New Libertarian, Page 3. The Samuel E. Konkin III magazine. For back issues, including the "Natural Law debate" issue, Vol. IV, No. 13, that Wilson cites, go here. And I quite liked The Fractal Man, J. Neil Schuman's novel about Konkin.
Samuel Konkin III
"politics remains such a depressing paleolithic and murderous spectacle," page 9. See also Gene Healy on how politics makes everyone dumber.
For a New Liberty, Page 10. For a New Liberty: The Libertarian Manifesto by Murray Rothbard, an anarcho-capitalist tract, was a big part of the libertarian surge in the 1970s. I had a hardcover copy, when I discovered libertarianism while in college from Illuminatus! and other sources, and it was very influential. I would guess that many serious libertarians have read it; I'd be surprised, for example, if Jesse Walker or Chad Nelson said they had not read it. Rothbard, by the way, was a strong peacenik, like RAW (he was a big influence on the late Justin Raimondo, the founder of Antiwar.com), and that allows many of us to overlook his other sins. (In fact, Raimondo wrote a book about Rothbard.)
"all three at once," Page 17. This business about "the hide of the Easter Bunny" is really funny; did you catch that RAW also is making a joke about the doctrine of the Trinity?
Simon Newcomb, Page 22 -- Simon Newcomb (1835-1909) was an accomplished mathematician and a very smart guy, but just as RAW mentions, he did argue that airplanes are not possible. (The Wikipedia article, buttressed by footnote 23, says that "When Newcomb heard about the Wrights' flight in 1908, he was quick to accept it," so in Wilson's terms he behaved like a scientist, not as a dogmatist: When he received new evidence he accepted that he was wrong. (I cannot resist repeating the famous saying of Arthur C. Clarke: "When a distinguished but elderly scientist states that something is possible, he is almost certainly right. When he states that something is impossible, he is very probably wrong."
"Doubt everything. Find your own light." Page 23. This seems like a rather free translation. In What the Buddha Taught by Walpola Rahula, the last words are given as, "Transient are conditioned things. Try to accomplish your aim with diligence." The Fake Buddha Quotes website also wonders where this version of the the Buddha's last words came from.

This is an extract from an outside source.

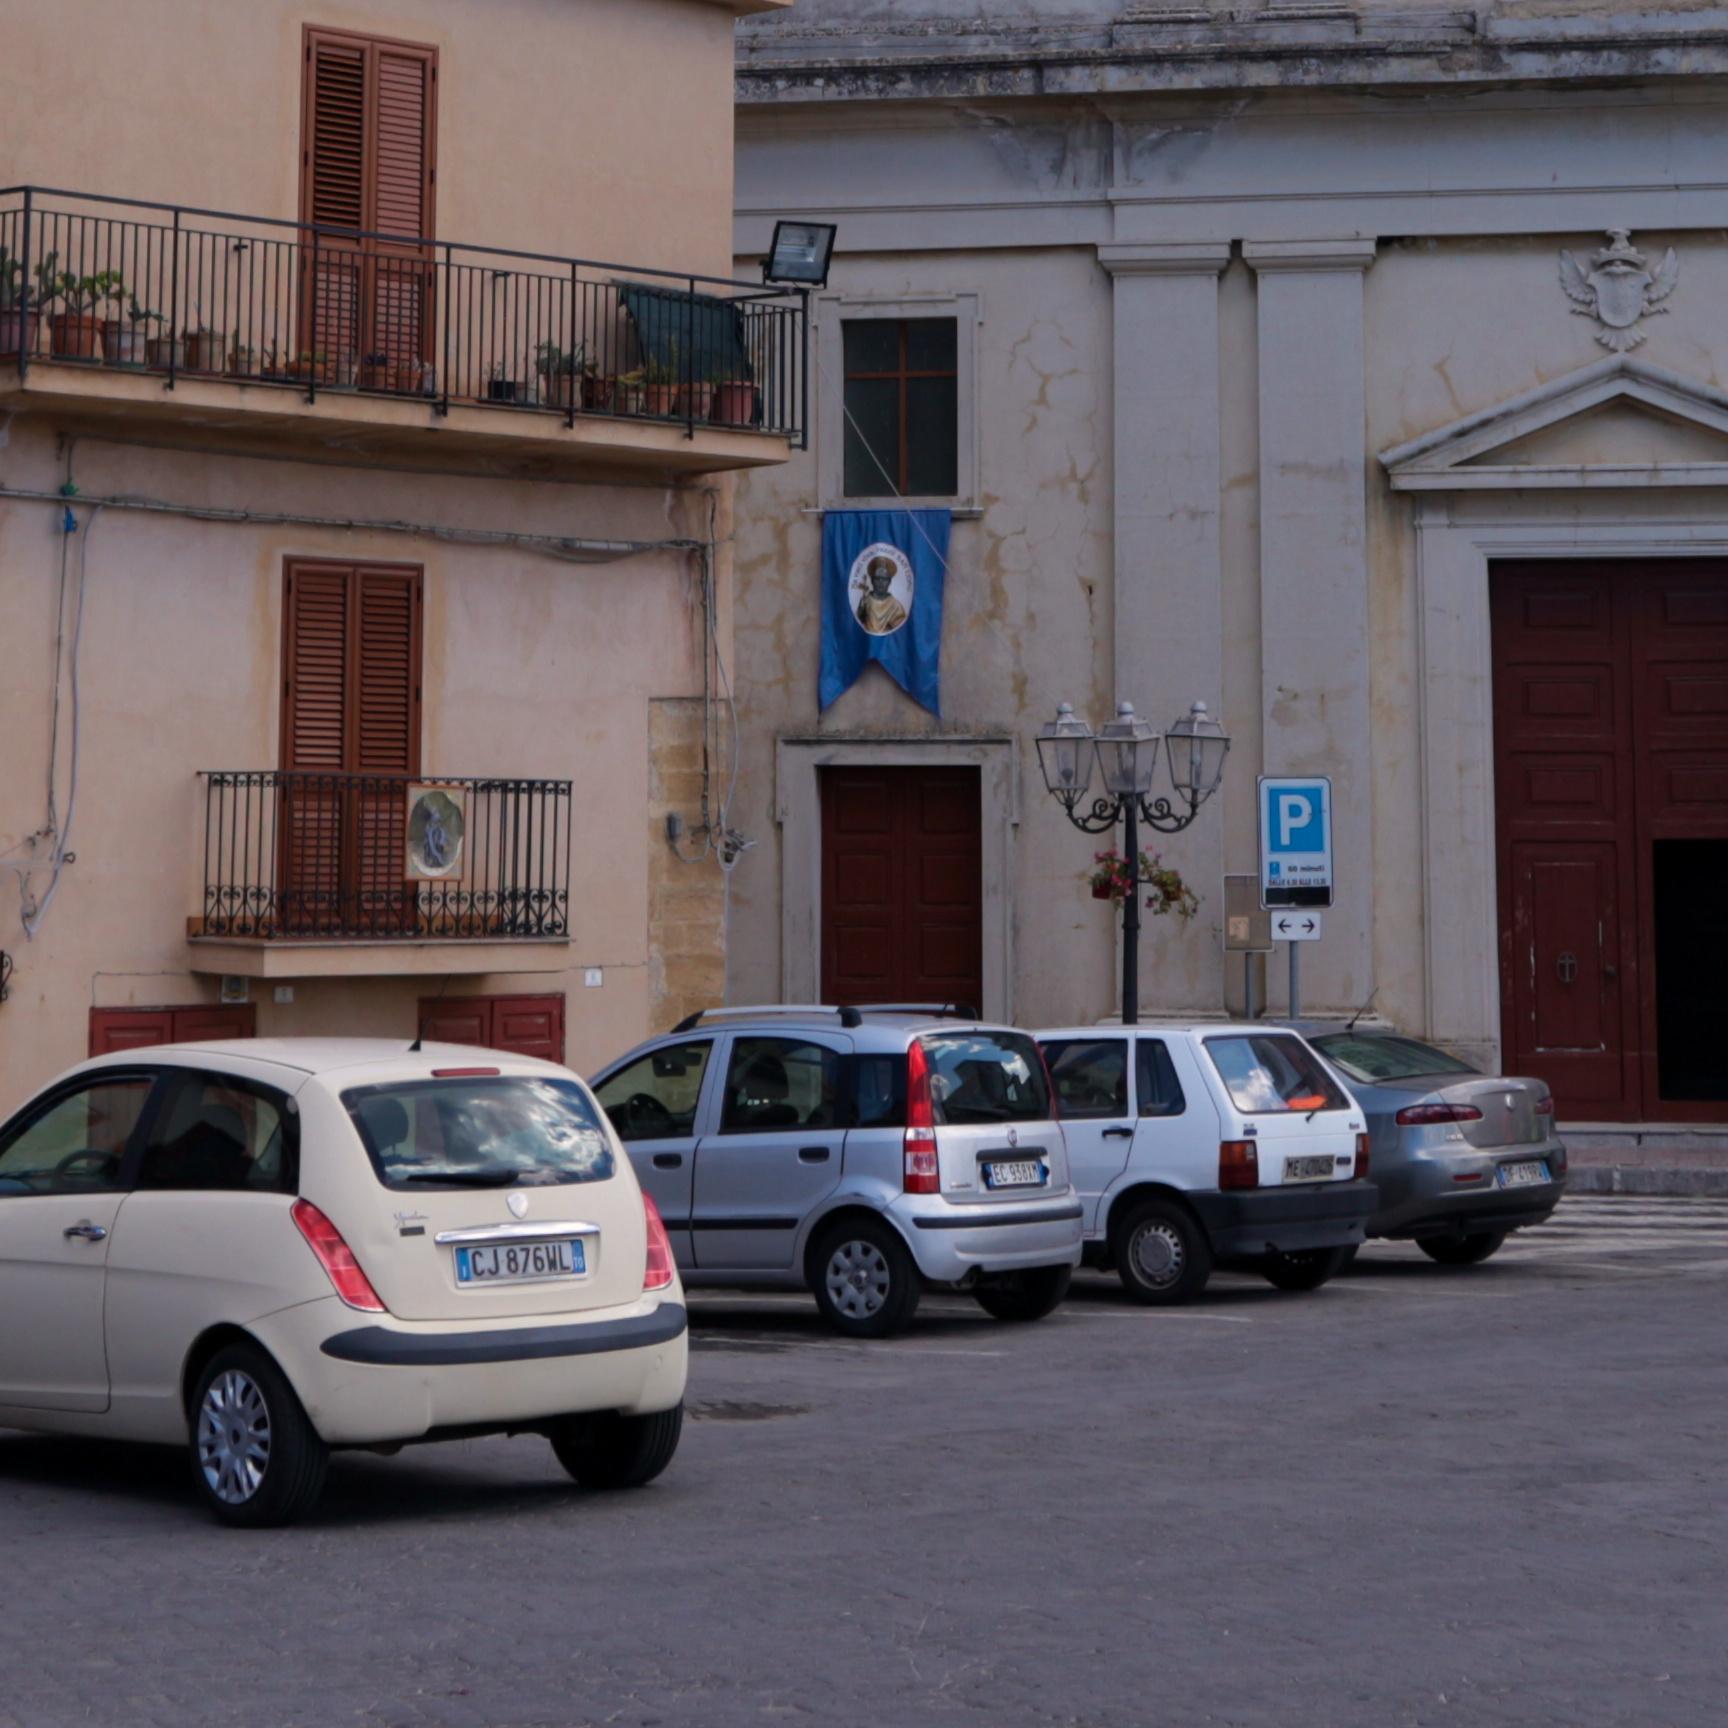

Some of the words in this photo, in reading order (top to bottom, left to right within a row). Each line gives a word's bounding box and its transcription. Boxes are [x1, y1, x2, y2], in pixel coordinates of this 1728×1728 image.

[1279, 794, 1313, 846] P
[472, 1249, 499, 1276] CJ
[506, 1244, 570, 1273] 876WL

The Moon is a Harsh Mistress, Page 53. One of Robert Heinlein's most famous novels, published in 1966, is a favorite of science fiction fans (it won the Best Novel Hugo) but also is a favorite of libertarians (it was the first novel to win the the Prometheus Hall of Fame Award, from the Libertarian Futurist Society, in a tie with Atlas Shrugged (Nineteen Eighty-Four and Fahrenheit 451 had to wait another year). I read it as a teenager and am overdue to read it again; Tyler Cowen re-read it in 2017 and found that despite his low expectations " it nonetheless holds up very well and in fact has aged gracefully."
Arthur Hlavaty, Page 56. The prominent science fiction fan and critic, read his fanzines! And here are some top quotes, and here is a useful biography. Arthur also founded The Golden APA, which had both Robert Anton Wilson and Robert Shea as members, see my interesting interview with him about it.
"I am writing in defense of personal choice here (if you haven't guessed that already); I merely object to having personal choices proclaimed as new religious revelations which we all must share or be damned," Page 57. RAW's version of libertarianism, and also another comment on what he sees as the irony of debating natural law with libertarians.
John 8:7, Page 63, the "admirable remark" which Wilson says "ought to be burned into the backside of every moralist, with a branding iron," is (in one translation), " So when they continued asking him, he lifted up himself, and said unto them, He that is without sin among you, let him first cast a stone at her."
psittacine, Page 68, birds of the parrot family.